I want to begin this post by saying that I see no contradiction between the two. It puzzles me that so many people on both sides do, but then I was raised by a church-going physicist. The acceptance of God as being beyond man's understanding and science as a tool to enrich man's understanding seems natural to me.

Anyway. Last night I was lambasted by a baffled friend for being both smart and religious. To him, the two don't go together. To me, intelligence and faith are by no means mutually exclusive.

We started out discussing things calmly enough; we talked of Von Neumann probes and Turing machines and other thought experiments. But when I started trying to get around to answering his question about belief, he started using words and phrases like "delusional" and "invisible friend with super-powers".

I was surprised and a little saddened that a brilliant man (an electrical engineer with an impressive number of patents to his name) could be reduced to name-calling like a five-year-old so quickly.

I guessed that he'd been reading Richard Dawkins's The God Delusion, and it happened that I was right - I suggested Modern Physics and Ancient Faith or The Faith of a Physicist for different viewpoints, but he wasn't having any. A book he didn't like (not one of the two I had recommended) had turned him off the entire genre, he said.

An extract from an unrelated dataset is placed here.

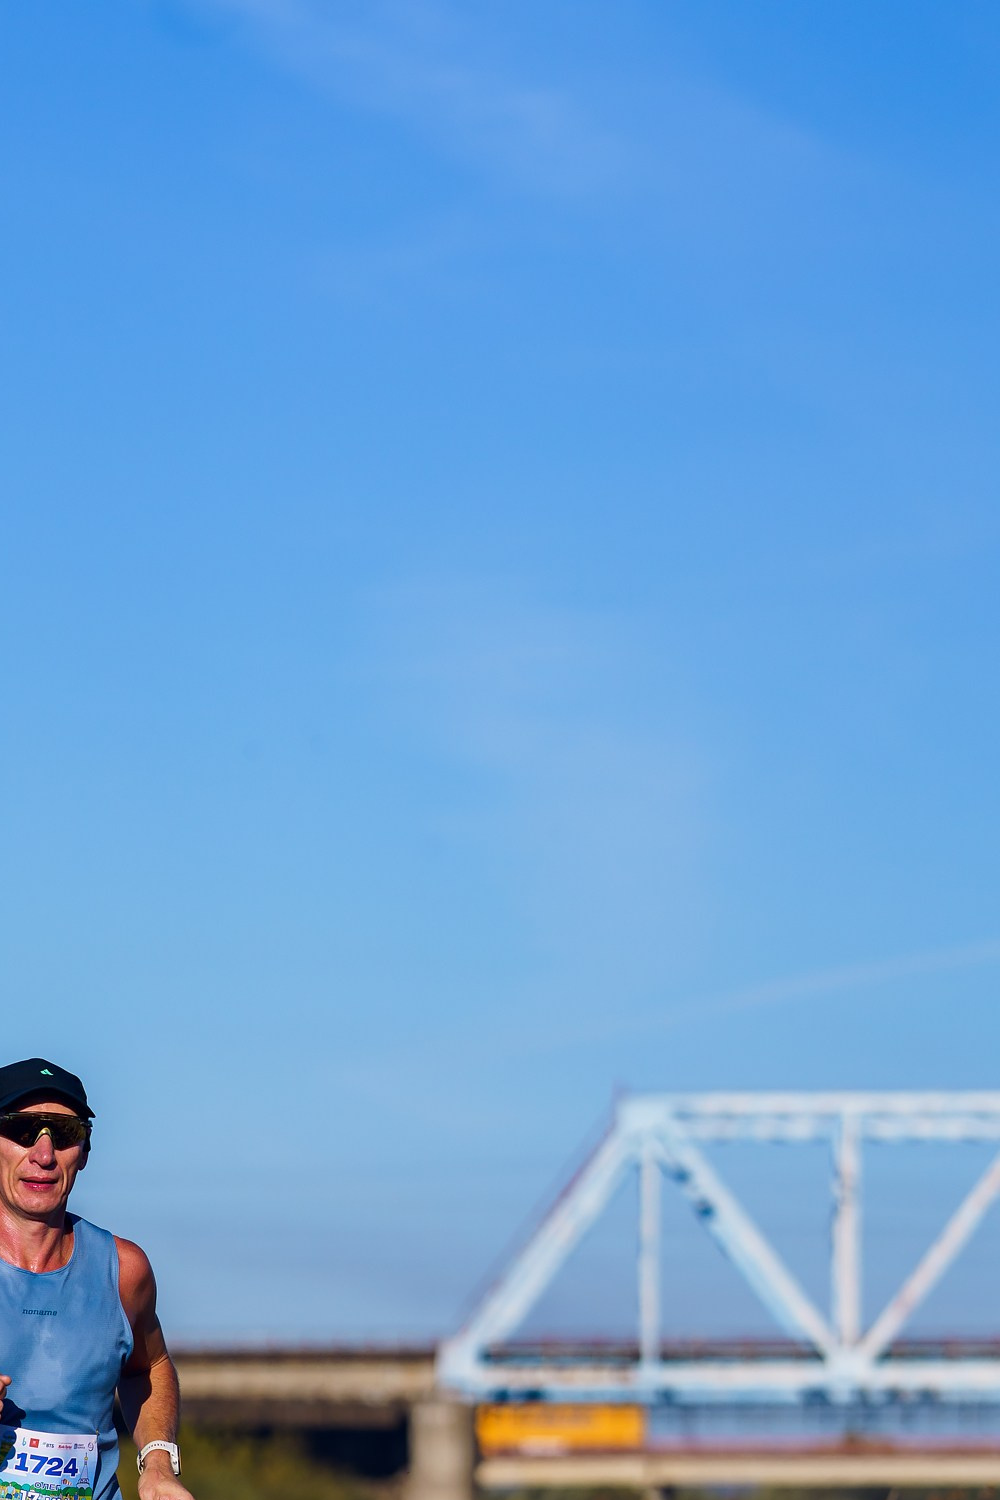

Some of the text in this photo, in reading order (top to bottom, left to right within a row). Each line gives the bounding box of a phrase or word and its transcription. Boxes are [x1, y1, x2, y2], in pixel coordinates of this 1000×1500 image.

[22, 1308, 58, 1317] noname
[14, 1452, 79, 1477] 1724
[35, 1481, 61, 1491] ОЛЕГ

Then something else hit me.

Are you angry because you think I'm wrong, I asked, or are you afraid that I might be right?

...I've got more to say on this subject, but that's enough for one post.

3 comments:

Stef said...

I haven't read Dawkins' book on religion. I did like The Selfish Gene - but from what I've read about this one, it sounds like Dawkins should stick to genetics.

There's something so sad about strident atheism. I'm not talking about people who are seriously agnostic, who really don't know, or who out of despondency just can't beleive there's "anything behind all this." I mean the kind of bitter, public atheism (like Dawkins's) that won't even consider the idea, and the only way they can engage the idea is to mock it.

k. said...

I liked The Selfish Gene, too. I haven't read The God Delusion, but the New York Times review apparently took Dawkins to task for "shirking the intellectual hard work," which sounds disappointing.

I want to read it eventually so that I can see what I think, but I didn't like my friend's interpretation of it much.

Drats! I posted a comment, tried to edit it, couldn't, tried to delete it in order to re-post - and I'm doing that, but it still shows me that my earlier comment was removed.

I guess Blogger takes some getting used to.

Stef said...

I would think that science would provide you with agnosticism at best - because God, being metaphysical, is *beyond* scientific detection or measure. But much of modern atheism seems to me to be highly "faith-based."